Nasir Arshan, Kim Kyung Mo, Caetano-Anollés Gustavo
Department of Biosciences, COMSATS Institute of Information TechnologyIslamabad, Pakistan.
Evolutionary Bioinformatics Laboratory, Department of Crop Sciences, University of Illinois at Urbana-ChampaignUrbana, IL, United States.
Front Microbiol. 2017 Jun 23;8:1178. doi: 10.3389/fmicb.2017.01178. eCollection 2017.

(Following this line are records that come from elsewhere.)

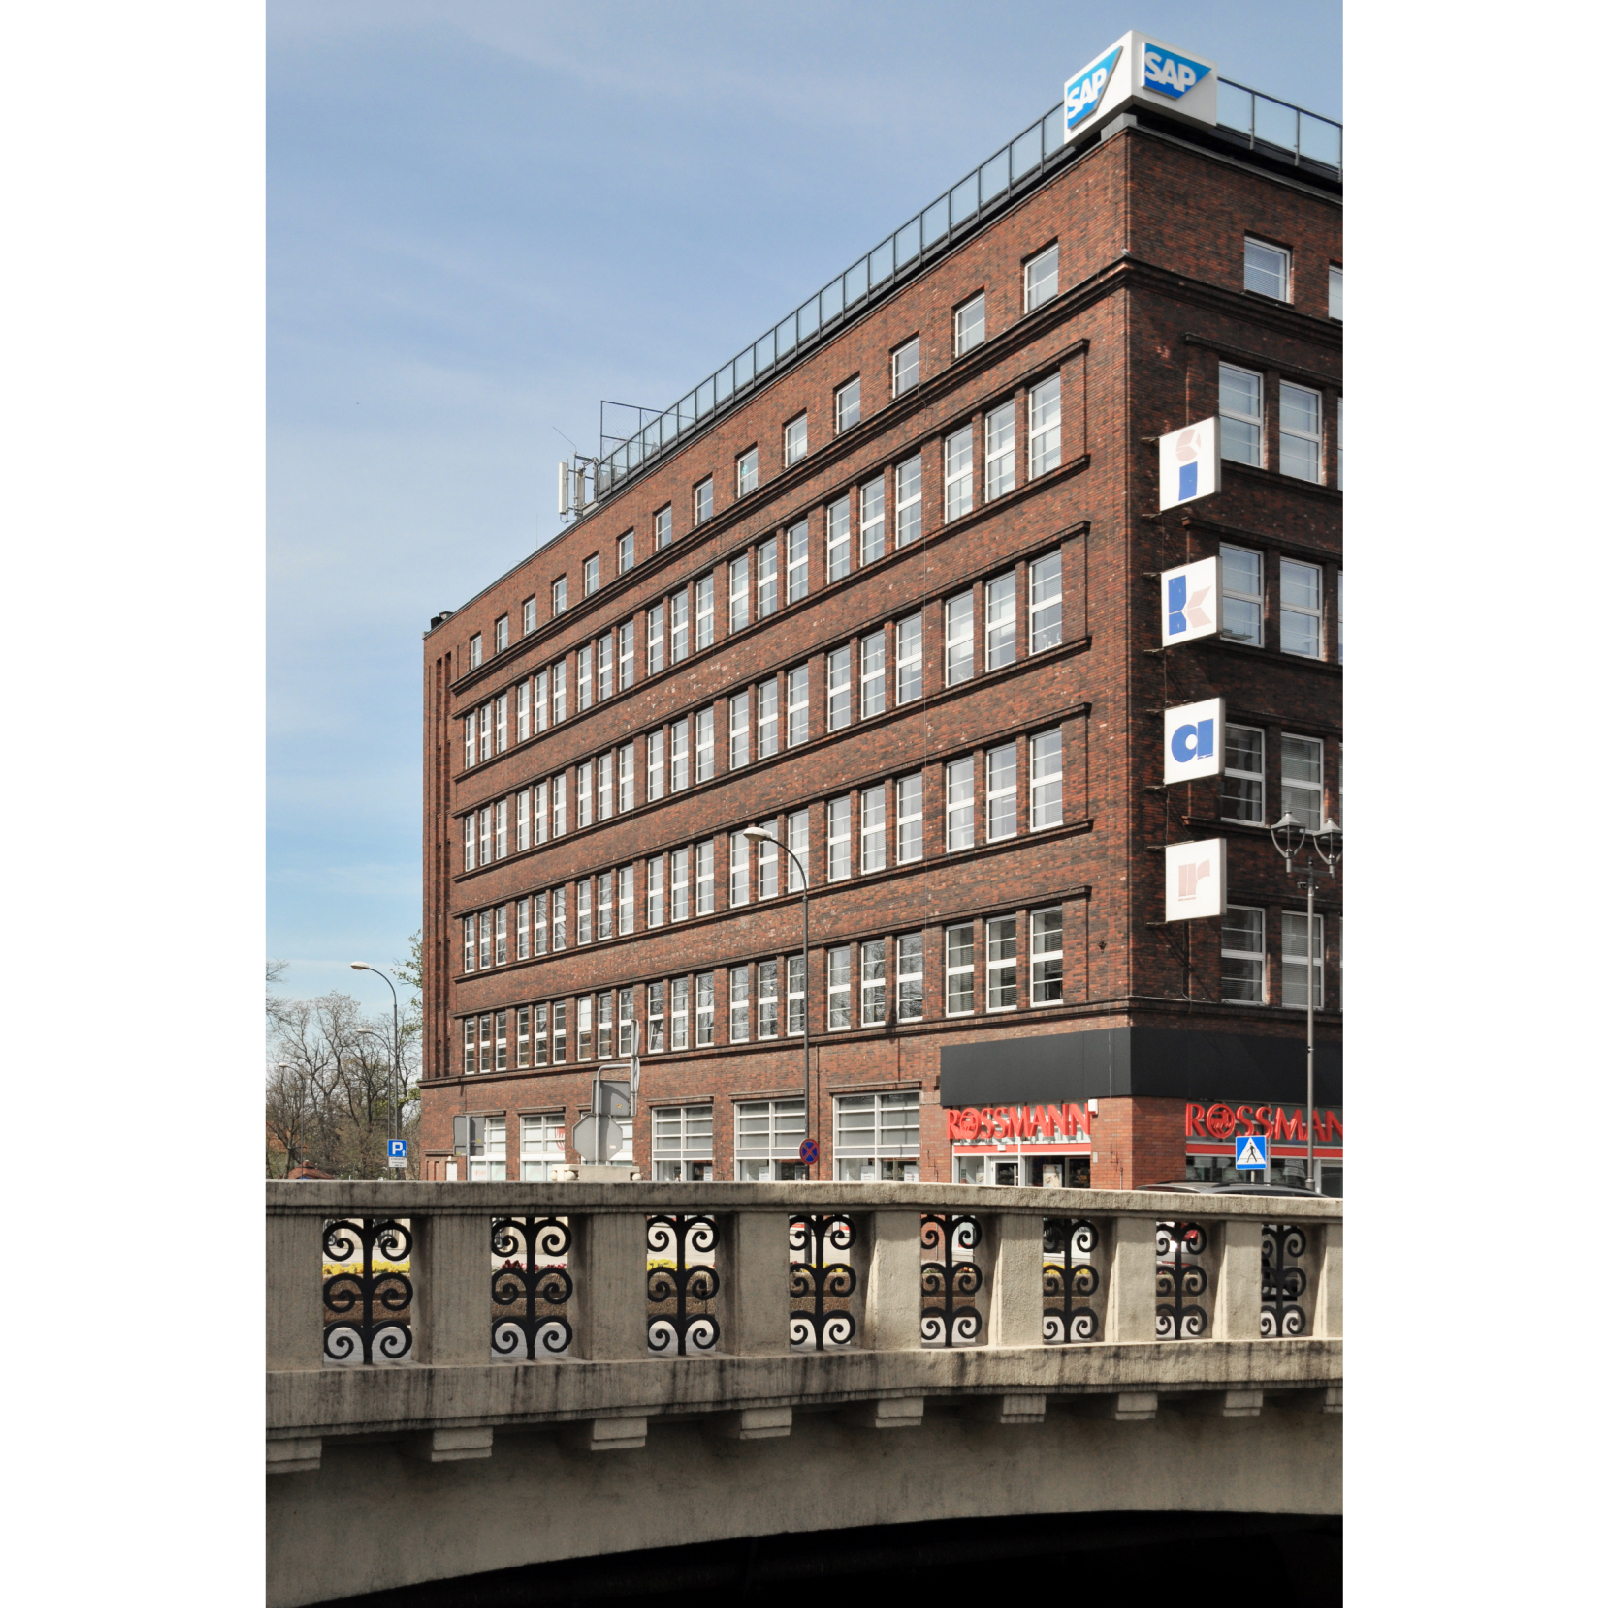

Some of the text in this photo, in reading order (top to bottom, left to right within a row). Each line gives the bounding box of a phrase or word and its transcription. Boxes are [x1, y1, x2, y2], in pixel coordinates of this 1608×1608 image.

[1145, 52, 1196, 92] SAP
[1067, 68, 1107, 120] SAP
[947, 1103, 1090, 1140] ROSSMANN
[392, 1142, 403, 1155] P
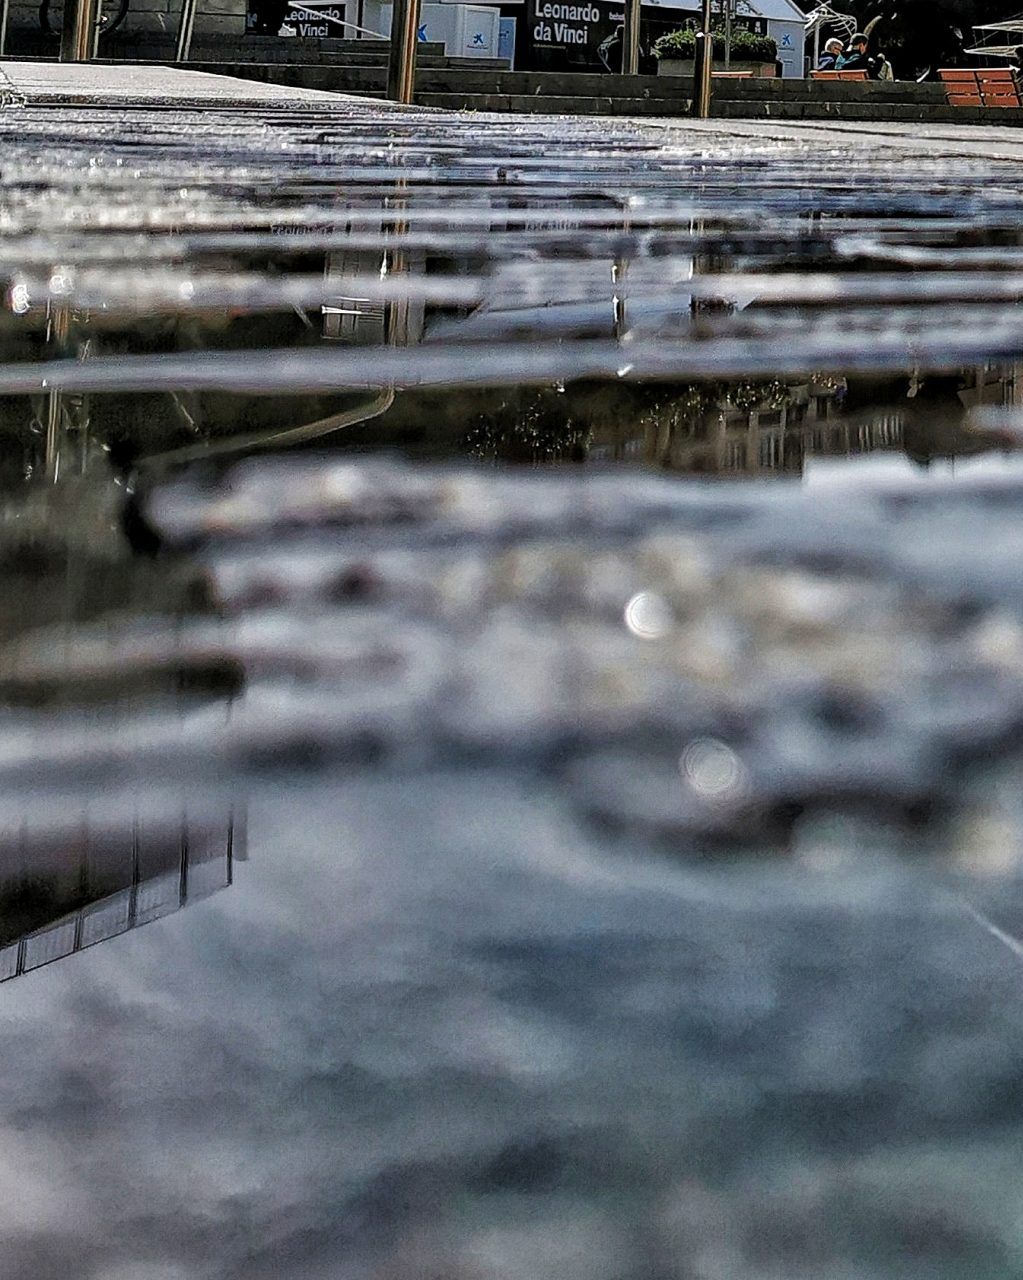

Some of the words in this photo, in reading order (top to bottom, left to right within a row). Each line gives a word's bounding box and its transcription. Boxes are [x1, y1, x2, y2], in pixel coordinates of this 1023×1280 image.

[299, 23, 329, 37] Vinci
[533, 21, 552, 42] da
[553, 22, 588, 45] Vinci
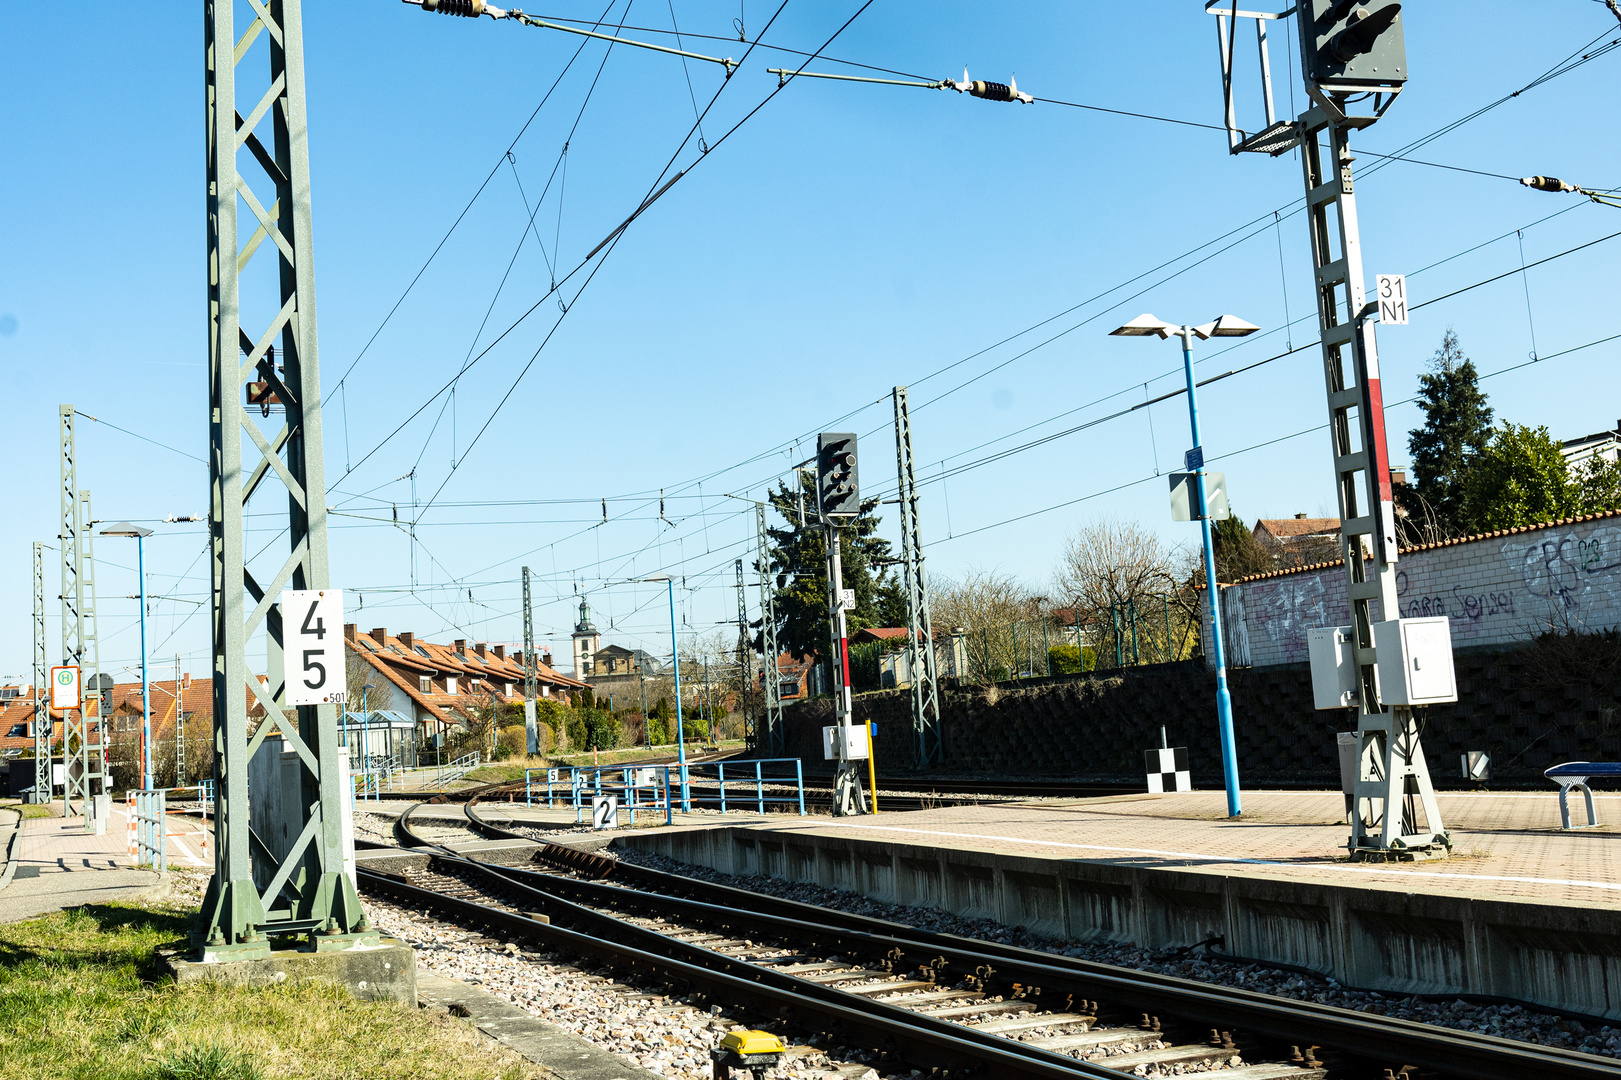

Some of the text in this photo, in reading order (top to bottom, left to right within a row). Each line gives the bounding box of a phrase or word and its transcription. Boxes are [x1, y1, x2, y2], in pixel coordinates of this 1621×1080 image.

[1380, 278, 1403, 298] 31
[1381, 301, 1405, 321] N1
[843, 590, 854, 600] 31
[843, 600, 855, 608] N2
[300, 600, 326, 640] 4
[61, 674, 70, 682] H
[303, 649, 326, 690] 5
[550, 770, 556, 781] 5
[600, 800, 611, 825] 2
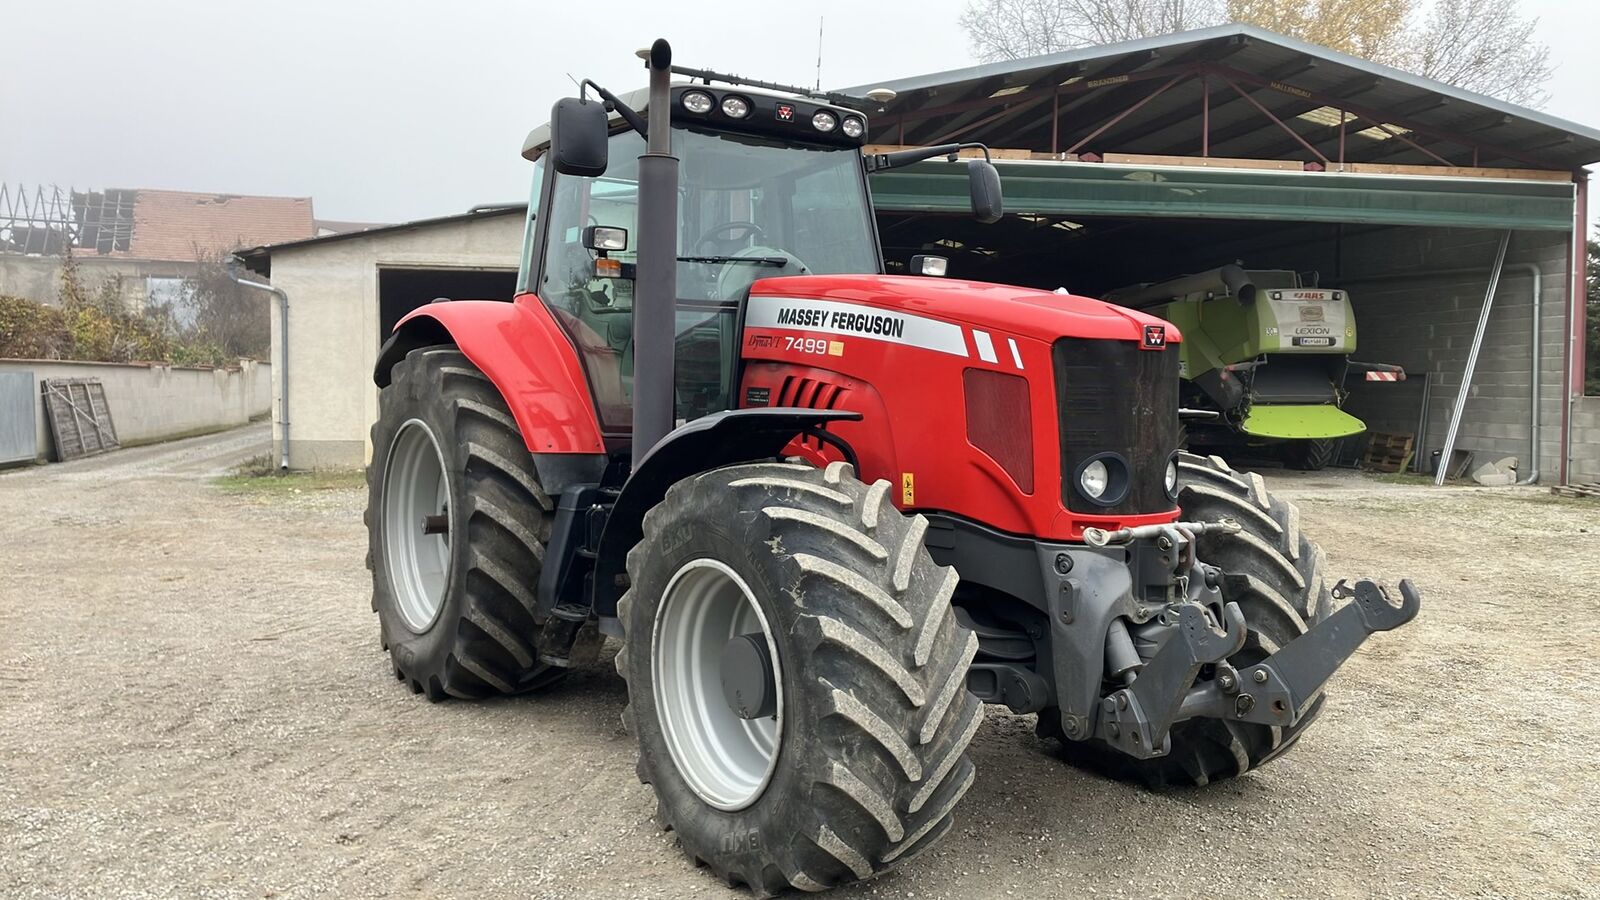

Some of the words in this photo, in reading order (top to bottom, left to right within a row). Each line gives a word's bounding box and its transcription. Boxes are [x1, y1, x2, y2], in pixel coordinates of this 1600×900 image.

[1294, 292, 1326, 300] CLAAS
[777, 307, 830, 328] MASSEY
[830, 311, 904, 338] FERGUSON
[1295, 327, 1330, 335] LEXION
[784, 336, 827, 355] 7499

Untangling the origin and evolution of viruses remains a challenging proposition. We recently studied the global distribution of protein domain structures in thousands of completely sequenced viral and cellular proteomes with comparative genomics, phylogenomics, and multidimensional scaling methods. A tree of life describing the evolution of proteomes revealed viruses emerging from the base of the tree as a fourth supergroup of life. A tree of domains indicated an early origin of modern viral lineages from ancient cells that co-existed with the cellular ancestors. However, it was recently argued that the rooting of our trees and the basal placement of viruses was artifactually induced by small genome (proteome) size. Here we show that these claims arise from misunderstanding and misinterpretations of cladistic methodology. Trees are reconstructed unrooted, and thus, their topologies cannot be distorted by the rooting methodology. Tracing proteome size in trees and multidimensional views of evolutionary relationships as well as tests of leaf stability and exclusion/inclusion of taxa demonstrated that the smallest proteomes were neither attracted toward the root nor caused any topological distortions of the trees. Simulations confirmed that taxa clustering patterns were independent of proteome size and were determined by the presence of known evolutionary relatives in data matrices, highlighting the need for broader taxon sampling in phylogeny reconstruction. Instead, phylogenetic tracings of proteome size revealed a slowdown in innovation of the structural domain vocabulary and four regimes of allometric scaling that reflected a Heaps law. These regimes explained increasing economies of scale in the evolutionary growth and accretion of kernel proteome repertoires of viruses and cellular organisms that resemble growth of human languages with limited vocabulary sizes. Results reconcile dynamic and static views of domain frequency distributions that are consistent with the axiom of spatiotemporal continuity that is tenet of evolutionary thinking.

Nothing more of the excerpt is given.